His formulaic writing is one thing (one of my favorite authors, Glynn Stewart, releases about 1 military scifi novel every three months, it's pretty formulaic), but my issue was how he made things up, and had them close enough to reality that is really hard to tell the difference. Maybe it's more of an issue I have with people, but it still made me stop reading him.


Its funny, as I get the impression that this also describes the Reacher series. And really any "pulp" fiction. So many successful stories are basically the same story over and over. Curious why this particular one would be so derided?


Some of it is just normal "popular thing sucks" backlash. But it had a weird cultural moment in the early 2000s where the press went kinda nuts with some of the psuedo religious themes, and there was a brief cottage industry for talking heads talking up apocryphal biblical books, Knight Templar conspiracy theories, etc which I think rubbed a lot people the wrong way.


Personally, I think his storytelling is poor, but it's not the worst. 5th percentile for plotting, say. But he plumbs new depths with his prose.

I am not above reading trash, and you often have to accept crappy writing in genre fiction. My wife reads the trashiest pulp romance there is. But even considering the low-grade prose in our diet, Dan Brown's writing is worse by an order of magnitude.

I'd rather gargle diarrhoea than read his shit again.

I'd rather attend a school play.

I have ADHD, but I once spent a day looking at a wall rather than allow his tepid faeces into my person.

He passes the turing test: machines cannot write that badly. His word choice smells like burning tyres, his sentence structure is like a drunk driver in a car park. He's a phenomenon.


so wait -- you're saying there's a chance you might read it?

Choose:

a) Dan Brown

b) https://www.youtube.com/watch?v=PLOPygVcaVE (you must watch it all)


Just my opinion/reaction, but Da Vinci Code stood out to me compared to other "easy reading" as particularly blatant/lazy in its chasing and extension of cliffhangers.


I mean, it is no worse than many comics I have read. Or a lot of other, so called "young adult" novels.

Is it better than a lot? I mean, almost certainly is in the mix there. It did enjoy a lot of time in the spotlight in ways that somewhat surprise me looking back. I couldn't say how it caught the attention that it did.


Probably because he's soooo bad, but also soooo successful.


I watched his course on Masterclass and found it helpful in learning to write his type of book. I was impressed that he is very conscious of what he does, how he does it, and he's quite good at explaining it to others.


Even if you love his books you are still free to appreciate a good parody.

I enjoy Cormac McCarthy. I also enjoy the fake Cormac McCarthy twitter account https://twitter.com/CormacMcCrthy .

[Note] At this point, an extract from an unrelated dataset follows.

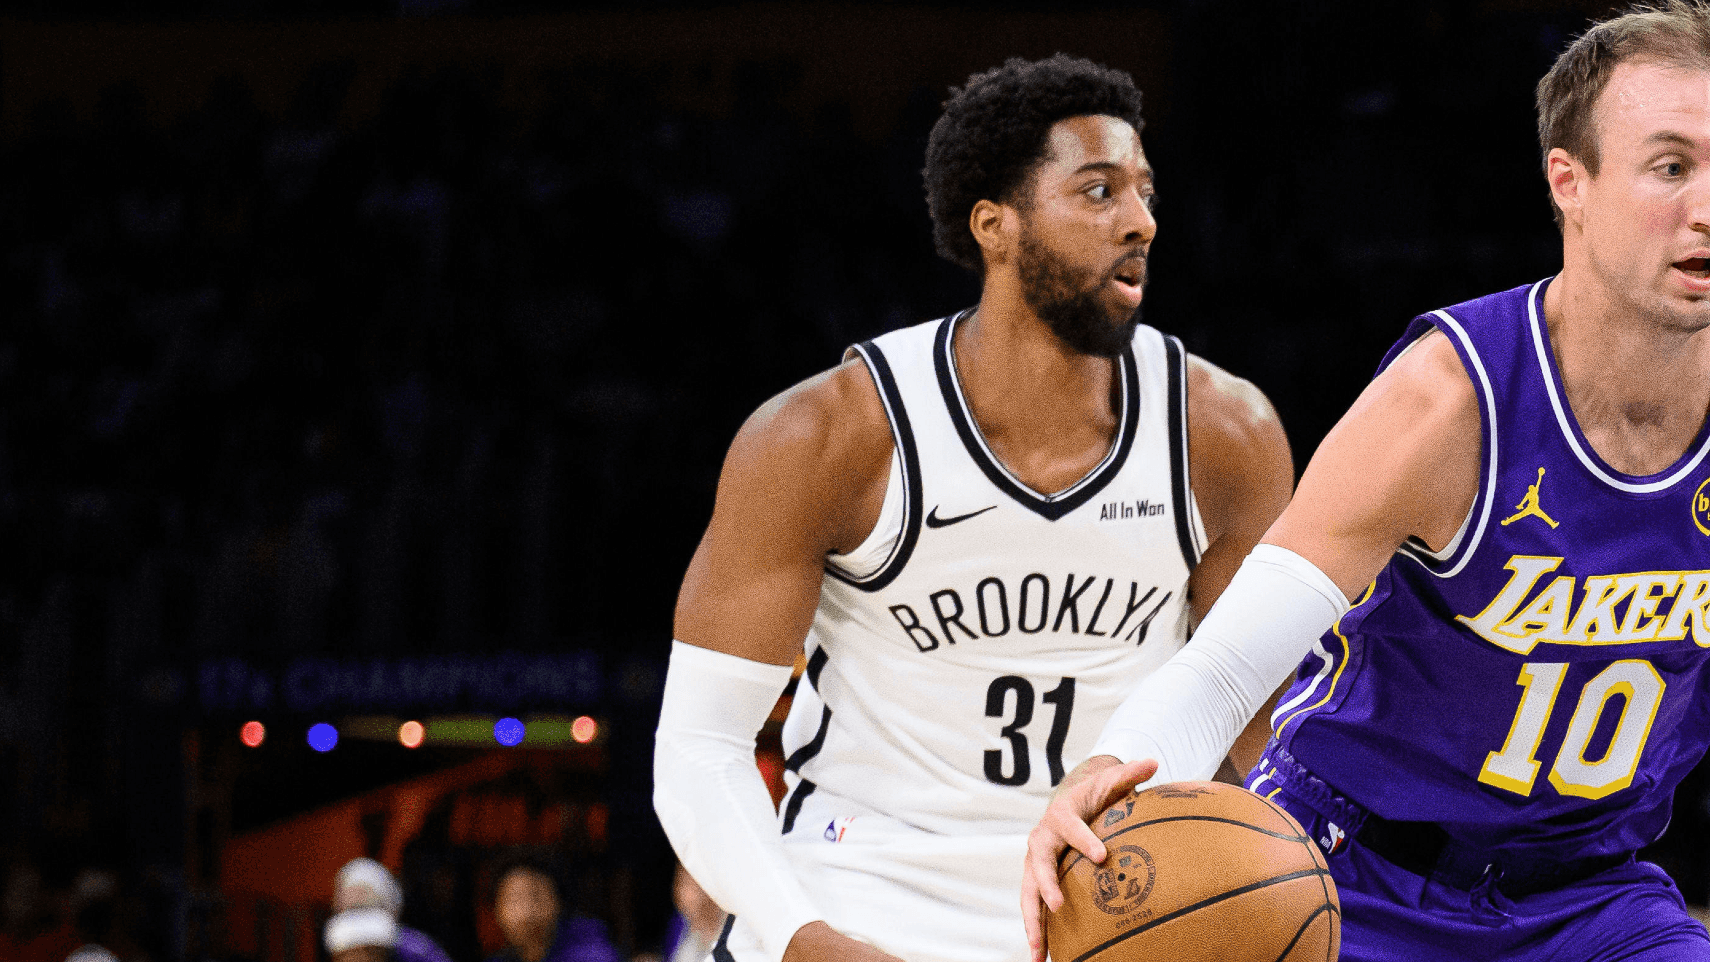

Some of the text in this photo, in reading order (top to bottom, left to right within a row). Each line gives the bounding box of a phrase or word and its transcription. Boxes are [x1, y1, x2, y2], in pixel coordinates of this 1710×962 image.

[1100, 499, 1165, 521] All In Won
[982, 675, 1076, 787] 31
[1477, 658, 1665, 801] 10

Pretty much. "Beach reads" (and, yeah, a lot of genre fiction including most SF) fall into this category but criticizing popular reads because they're not somewhat arbitrarily-defined literature seems pretty pointless.


tbf, he isn't being parodied here for not being literature here, he's been parodied for the sort of poor writing editors are supposed to fix regardless of genre. Weird or mixed metaphors, the odd minor grammatical error, redundancy that isn't for dramatic effect (actually all stuff 'literary' authors are more likely to get a pass on as critics assume they were there on purpose) and an oddly journalistic approach to introducing characters.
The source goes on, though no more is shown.